Exercise objective - Output the data as it stands. Each line must match exactly.

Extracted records
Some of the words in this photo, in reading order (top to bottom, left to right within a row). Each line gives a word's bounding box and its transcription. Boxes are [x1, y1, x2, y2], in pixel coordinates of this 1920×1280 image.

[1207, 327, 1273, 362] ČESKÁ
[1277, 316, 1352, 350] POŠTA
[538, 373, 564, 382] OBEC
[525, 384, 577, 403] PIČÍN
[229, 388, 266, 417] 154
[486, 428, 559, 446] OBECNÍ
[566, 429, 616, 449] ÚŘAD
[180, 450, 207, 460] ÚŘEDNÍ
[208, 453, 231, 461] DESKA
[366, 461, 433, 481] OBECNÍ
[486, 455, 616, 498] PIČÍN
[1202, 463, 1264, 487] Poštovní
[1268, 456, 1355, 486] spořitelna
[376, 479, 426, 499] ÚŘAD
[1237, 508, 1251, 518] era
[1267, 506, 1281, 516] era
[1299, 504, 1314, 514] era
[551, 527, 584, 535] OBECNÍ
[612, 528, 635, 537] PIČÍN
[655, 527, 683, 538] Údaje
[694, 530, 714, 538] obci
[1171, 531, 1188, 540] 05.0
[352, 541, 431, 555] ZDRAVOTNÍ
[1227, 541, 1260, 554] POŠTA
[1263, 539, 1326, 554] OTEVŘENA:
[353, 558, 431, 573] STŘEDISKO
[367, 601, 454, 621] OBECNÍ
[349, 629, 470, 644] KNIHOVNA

Exercise result -
Some of the words in this photo, in reading order (top to bottom, left to right within a row). Each line gives a word's bounding box and its transcription. Boxes are [x1, y1, x2, y2], in pixel coordinates of this 1920×1280 image.

[1207, 327, 1273, 362] ČESKÁ
[1277, 316, 1352, 350] POŠTA
[538, 373, 564, 382] OBEC
[525, 384, 577, 403] PIČÍN
[229, 388, 266, 417] 154
[486, 428, 559, 446] OBECNÍ
[566, 429, 616, 449] ÚŘAD
[180, 450, 207, 460] ÚŘEDNÍ
[208, 453, 231, 461] DESKA
[366, 461, 433, 481] OBECNÍ
[486, 455, 616, 498] PIČÍN
[1202, 463, 1264, 487] Poštovní
[1268, 456, 1355, 486] spořitelna
[376, 479, 426, 499] ÚŘAD
[1237, 508, 1251, 518] era
[1267, 506, 1281, 516] era
[1299, 504, 1314, 514] era
[551, 527, 584, 535] OBECNÍ
[612, 528, 635, 537] PIČÍN
[655, 527, 683, 538] Údaje
[694, 530, 714, 538] obci
[1171, 531, 1188, 540] 05.0
[352, 541, 431, 555] ZDRAVOTNÍ
[1227, 541, 1260, 554] POŠTA
[1263, 539, 1326, 554] OTEVŘENA:
[353, 558, 431, 573] STŘEDISKO
[367, 601, 454, 621] OBECNÍ
[349, 629, 470, 644] KNIHOVNA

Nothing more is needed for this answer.